# Action item
I'd like every entry returned exactly as it is, with the images left out.

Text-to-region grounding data
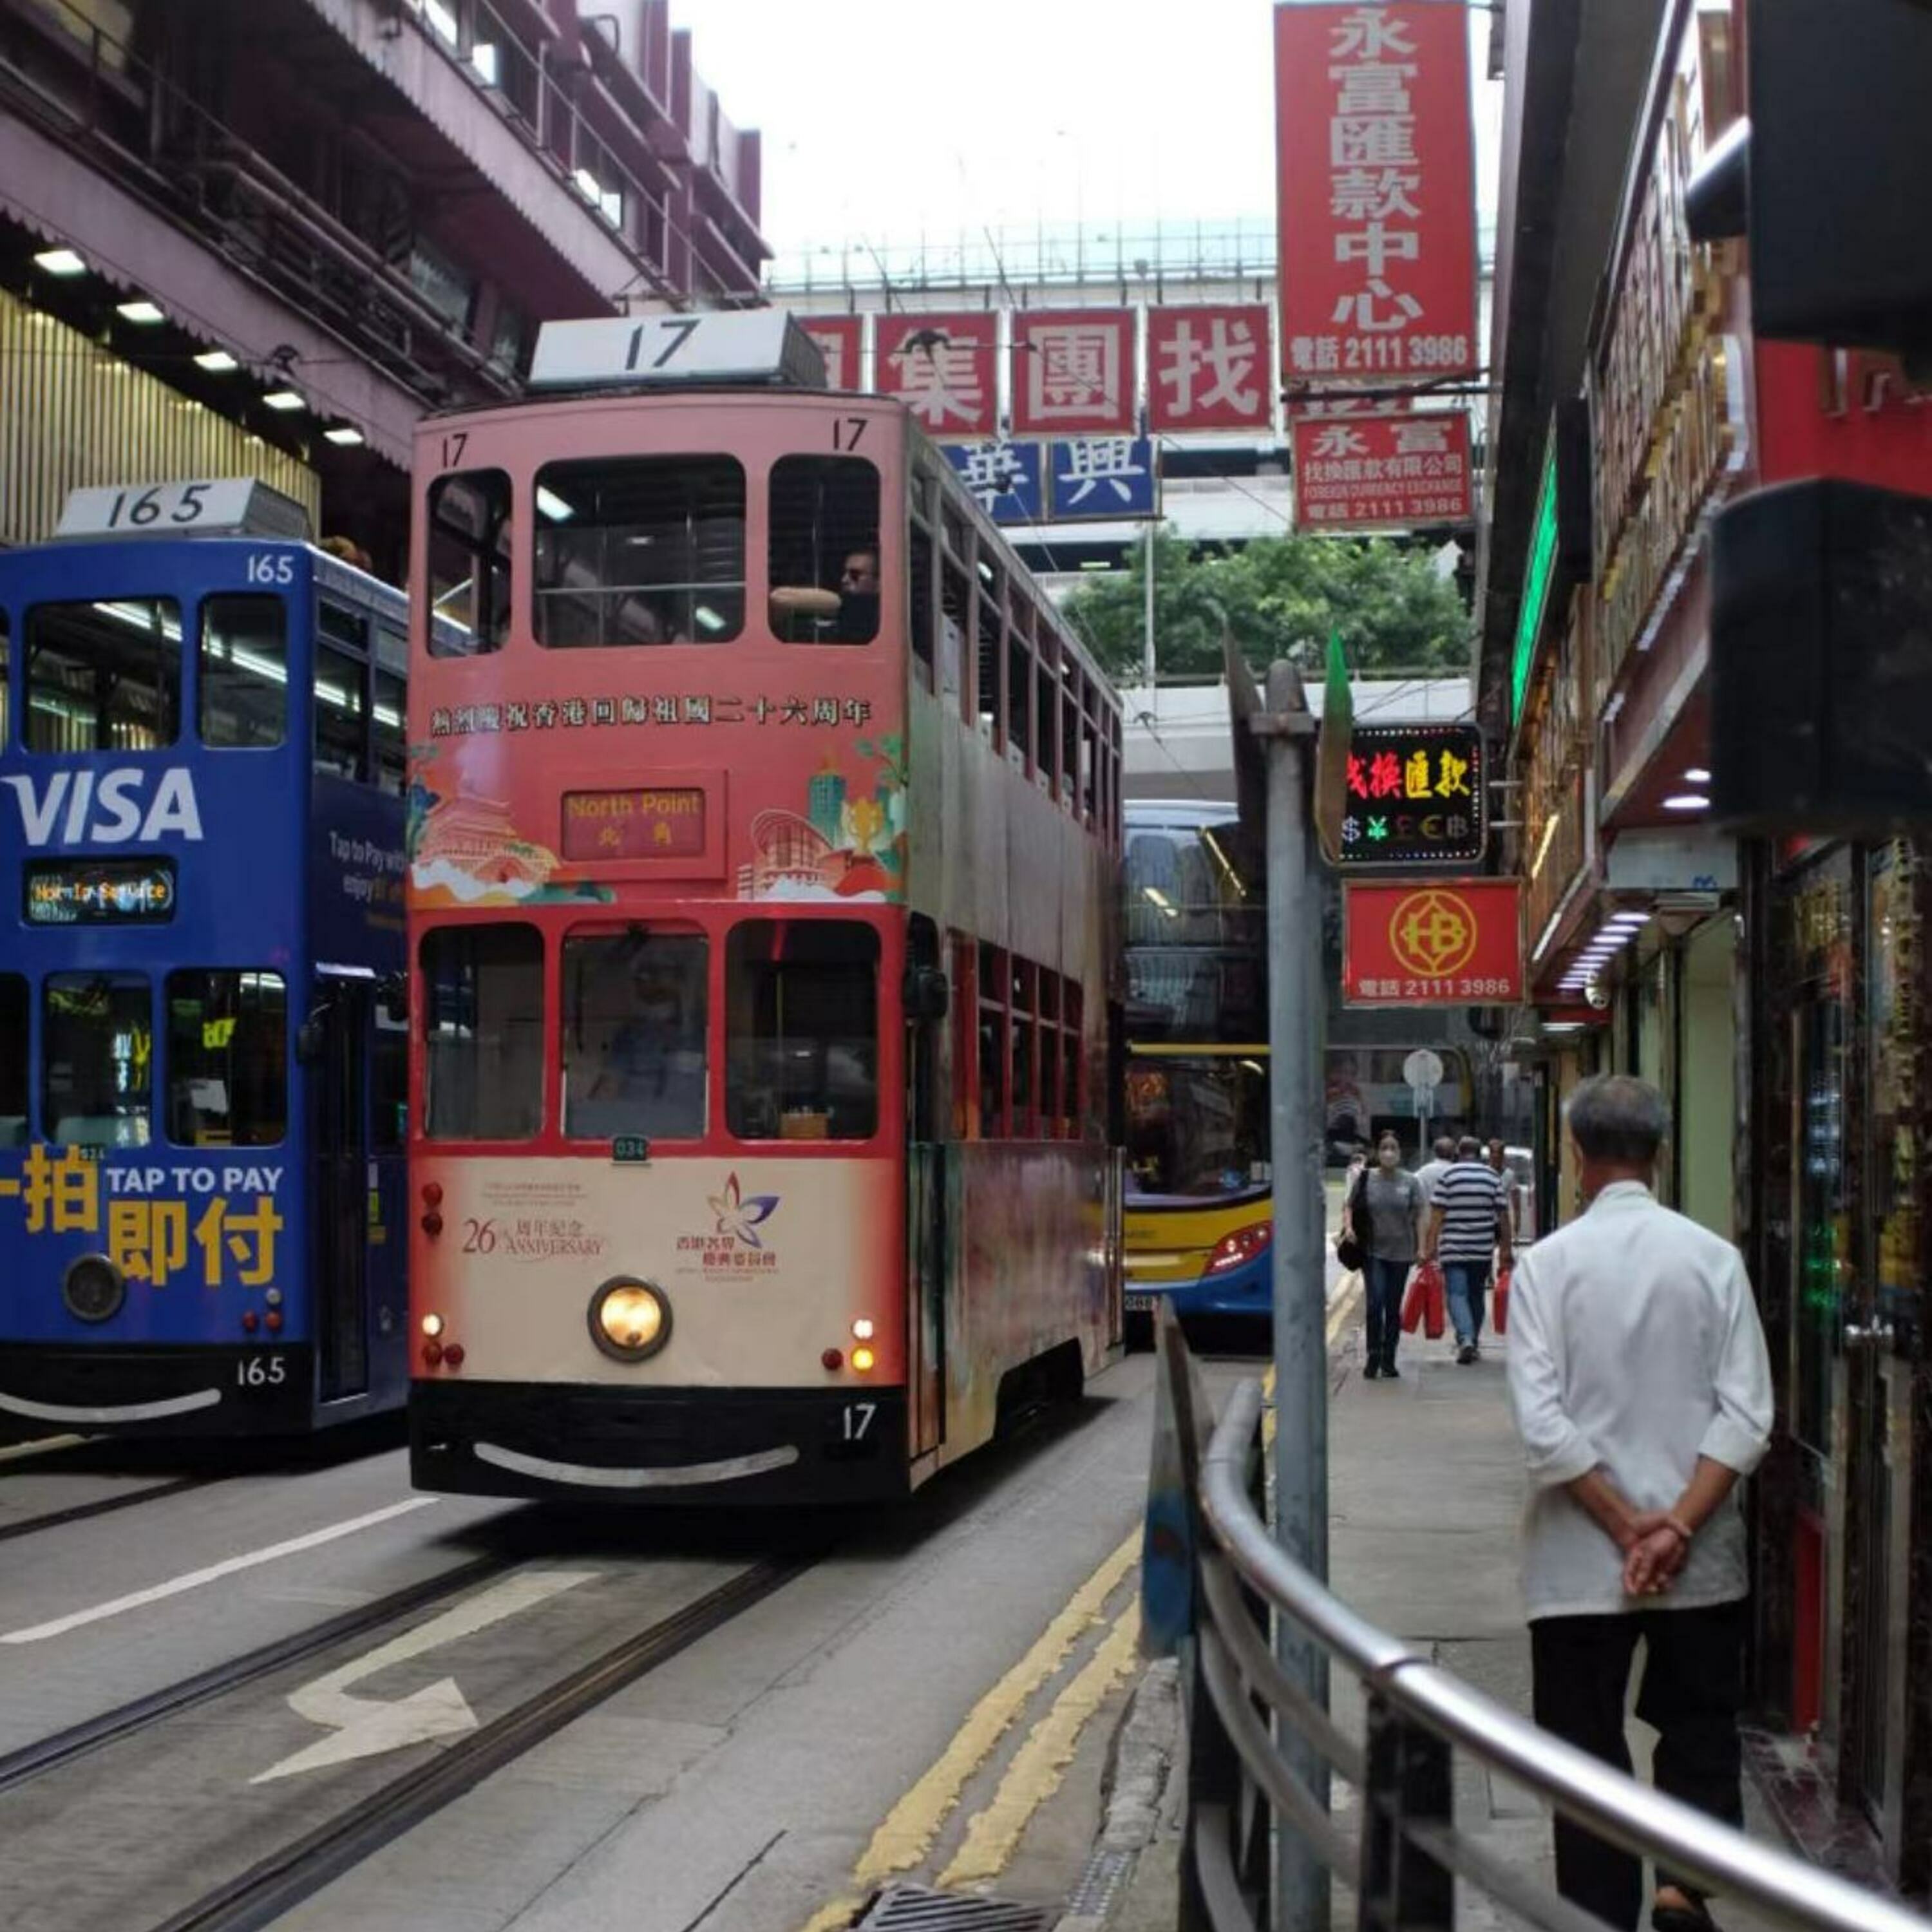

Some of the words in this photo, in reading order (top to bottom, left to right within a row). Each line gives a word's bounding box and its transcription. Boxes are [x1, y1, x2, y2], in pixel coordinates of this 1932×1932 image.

[625, 319, 701, 371] 17
[1291, 336, 1340, 370] 電話
[1345, 336, 1403, 368] 2111
[1408, 335, 1468, 365] 3986
[442, 434, 469, 468] 17
[833, 419, 867, 451] 17
[108, 484, 211, 528] 165
[1354, 500, 1404, 516] 2111
[1412, 498, 1463, 513] 3986
[249, 556, 294, 583] 165
[1, 768, 204, 846] VISA
[567, 795, 633, 817] North
[643, 791, 700, 815] Point
[1406, 979, 1453, 996] 2111
[1461, 978, 1510, 994] 3986
[106, 1168, 164, 1192] TAP
[172, 1168, 215, 1192] TO
[223, 1168, 283, 1192] PAY
[109, 1197, 283, 1285] 即付
[462, 1218, 497, 1253] 26
[238, 1357, 285, 1385] 165
[844, 1403, 876, 1440] 17
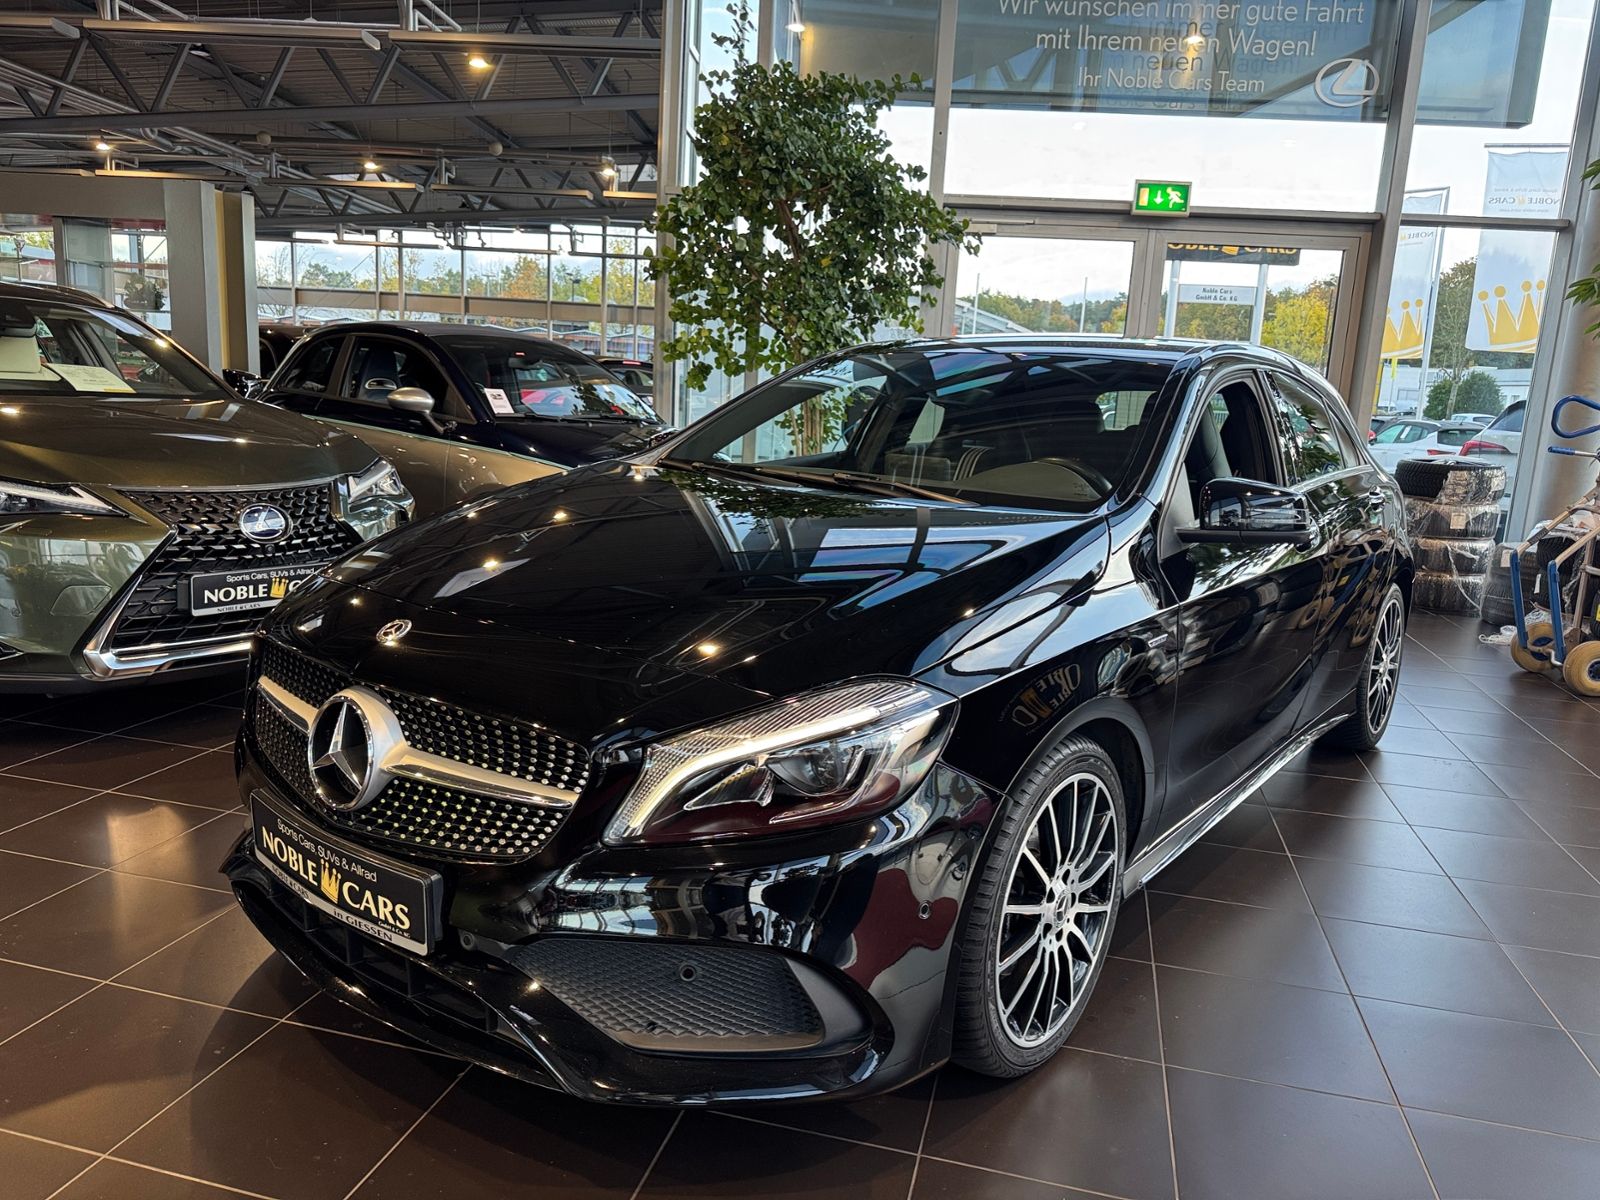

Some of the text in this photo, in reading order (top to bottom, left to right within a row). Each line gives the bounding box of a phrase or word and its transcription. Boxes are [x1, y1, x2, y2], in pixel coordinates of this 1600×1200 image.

[999, 0, 1040, 15] Wir
[1246, 2, 1298, 27] gute
[1305, 0, 1365, 24] Fahrt
[1035, 24, 1318, 61] mit Ihrem neuen Wagen!
[1077, 67, 1265, 93] Ihr Noble Cars Team
[226, 574, 250, 584] Sports
[269, 570, 289, 579] SUVs
[289, 569, 295, 577] &
[204, 584, 268, 603] NOBLE
[277, 818, 299, 844] Sports
[317, 844, 341, 867] SUVs
[341, 857, 350, 871] &
[350, 861, 378, 884] Allrad
[261, 825, 411, 931] NOBLE CARS
[333, 908, 394, 942] in GIESSEN

# Result
Some of the words in this photo, in reading order (top to bottom, left to right within a row). Each line gives a word's bounding box and its transcription. Boxes are [x1, y1, x2, y2], in pixel coordinates of this 1932×1932 image.

[625, 319, 701, 371] 17
[1291, 336, 1340, 370] 電話
[1345, 336, 1403, 368] 2111
[1408, 335, 1468, 365] 3986
[442, 434, 469, 468] 17
[833, 419, 867, 451] 17
[108, 484, 211, 528] 165
[1354, 500, 1404, 516] 2111
[1412, 498, 1463, 513] 3986
[249, 556, 294, 583] 165
[1, 768, 204, 846] VISA
[567, 795, 633, 817] North
[643, 791, 700, 815] Point
[1406, 979, 1453, 996] 2111
[1461, 978, 1510, 994] 3986
[106, 1168, 164, 1192] TAP
[172, 1168, 215, 1192] TO
[223, 1168, 283, 1192] PAY
[109, 1197, 283, 1285] 即付
[462, 1218, 497, 1253] 26
[238, 1357, 285, 1385] 165
[844, 1403, 876, 1440] 17

Some of the text in this photo, in reading order (top to bottom, left to right within a row). Each line gives the bounding box of a phrase or word and its transcription. Boxes are [x1, y1, x2, y2], in pixel coordinates of this 1600×1200 image.

[999, 0, 1040, 15] Wir
[1246, 2, 1298, 27] gute
[1305, 0, 1365, 24] Fahrt
[1035, 24, 1318, 61] mit Ihrem neuen Wagen!
[1077, 67, 1265, 93] Ihr Noble Cars Team
[226, 574, 250, 584] Sports
[269, 570, 289, 579] SUVs
[289, 569, 295, 577] &
[204, 584, 268, 603] NOBLE
[277, 818, 299, 844] Sports
[317, 844, 341, 867] SUVs
[341, 857, 350, 871] &
[350, 861, 378, 884] Allrad
[261, 825, 411, 931] NOBLE CARS
[333, 908, 394, 942] in GIESSEN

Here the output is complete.